---------- Information shown ----------

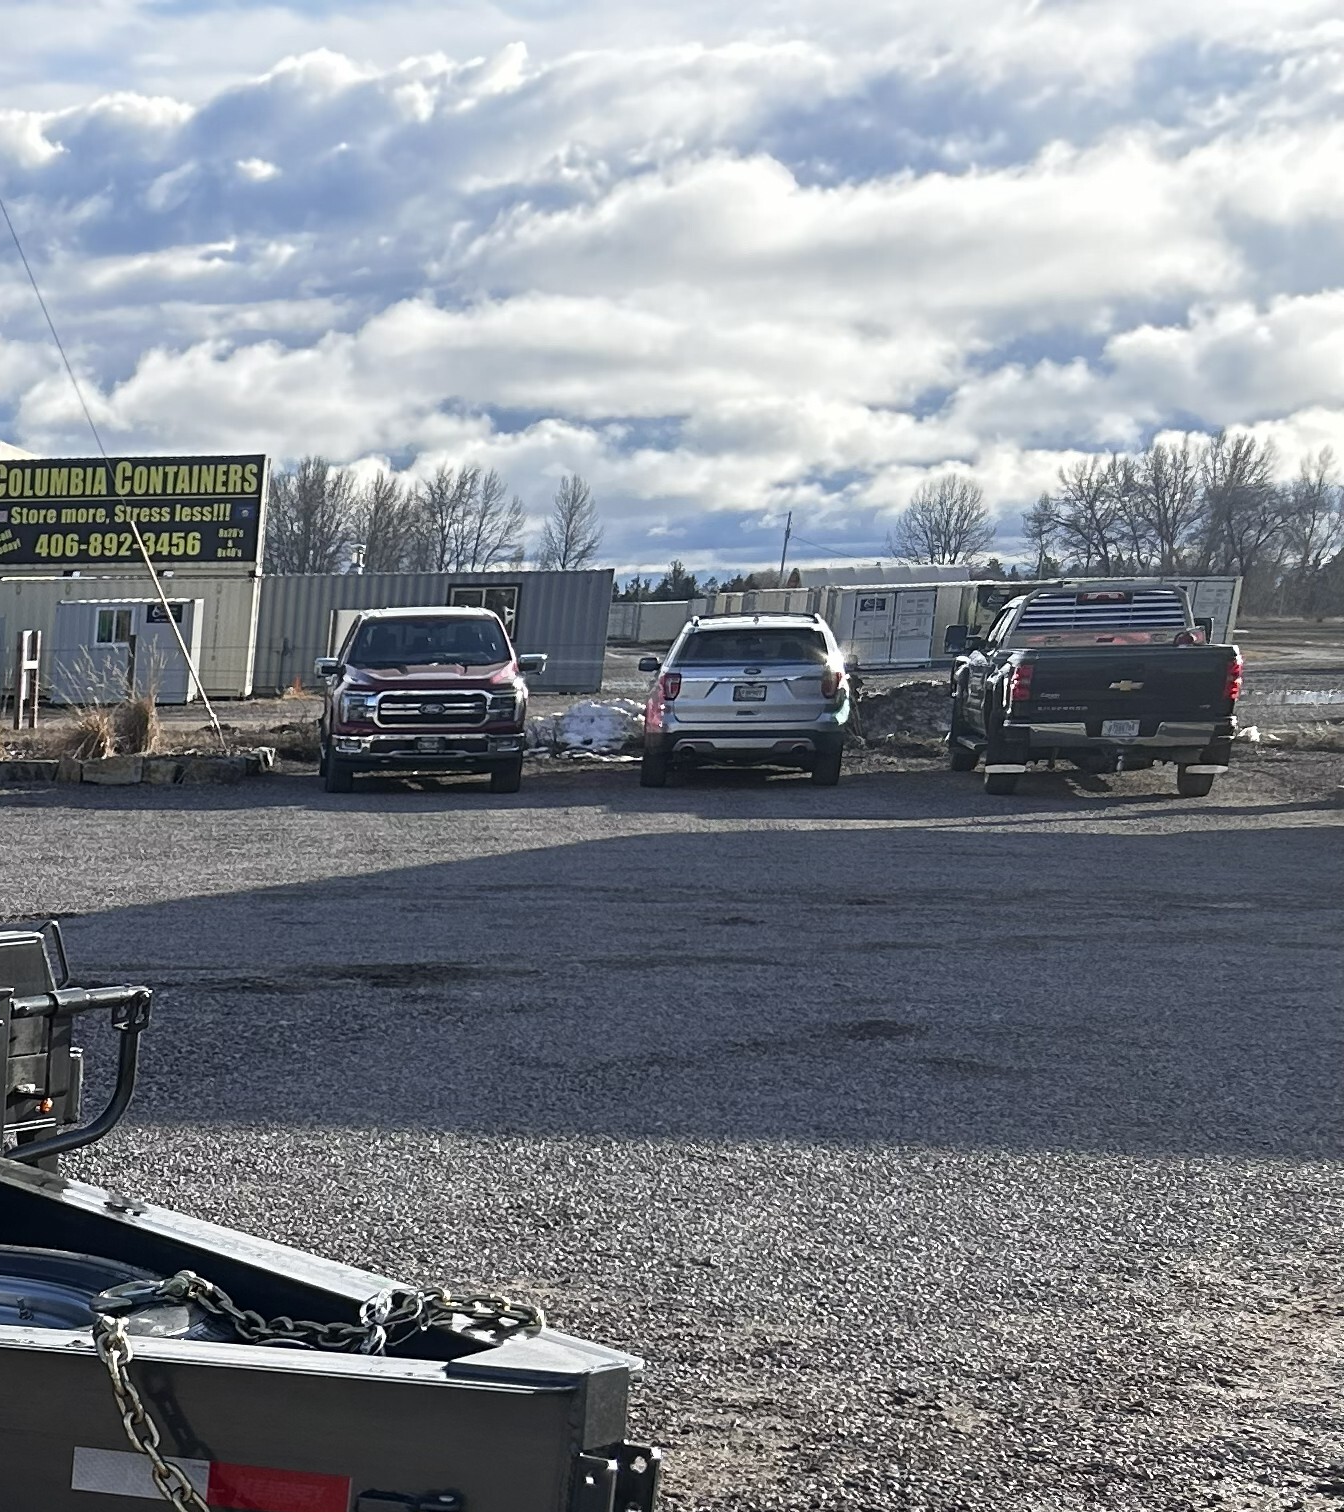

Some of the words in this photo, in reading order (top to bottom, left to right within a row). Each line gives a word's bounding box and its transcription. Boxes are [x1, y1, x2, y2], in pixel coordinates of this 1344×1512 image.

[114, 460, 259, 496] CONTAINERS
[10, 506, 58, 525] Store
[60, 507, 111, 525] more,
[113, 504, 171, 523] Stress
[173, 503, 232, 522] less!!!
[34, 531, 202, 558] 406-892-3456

----------

Hand back the data above exactly, leaving out all pictures.

| Output for this exercise |
Some of the words in this photo, in reading order (top to bottom, left to right within a row). Each line gives a word's bounding box and its transcription. Boxes are [x1, y1, x2, y2], in pixel coordinates of this 1344×1512 image.

[114, 460, 259, 496] CONTAINERS
[10, 506, 58, 525] Store
[60, 507, 111, 525] more,
[113, 504, 171, 523] Stress
[173, 503, 232, 522] less!!!
[34, 531, 202, 558] 406-892-3456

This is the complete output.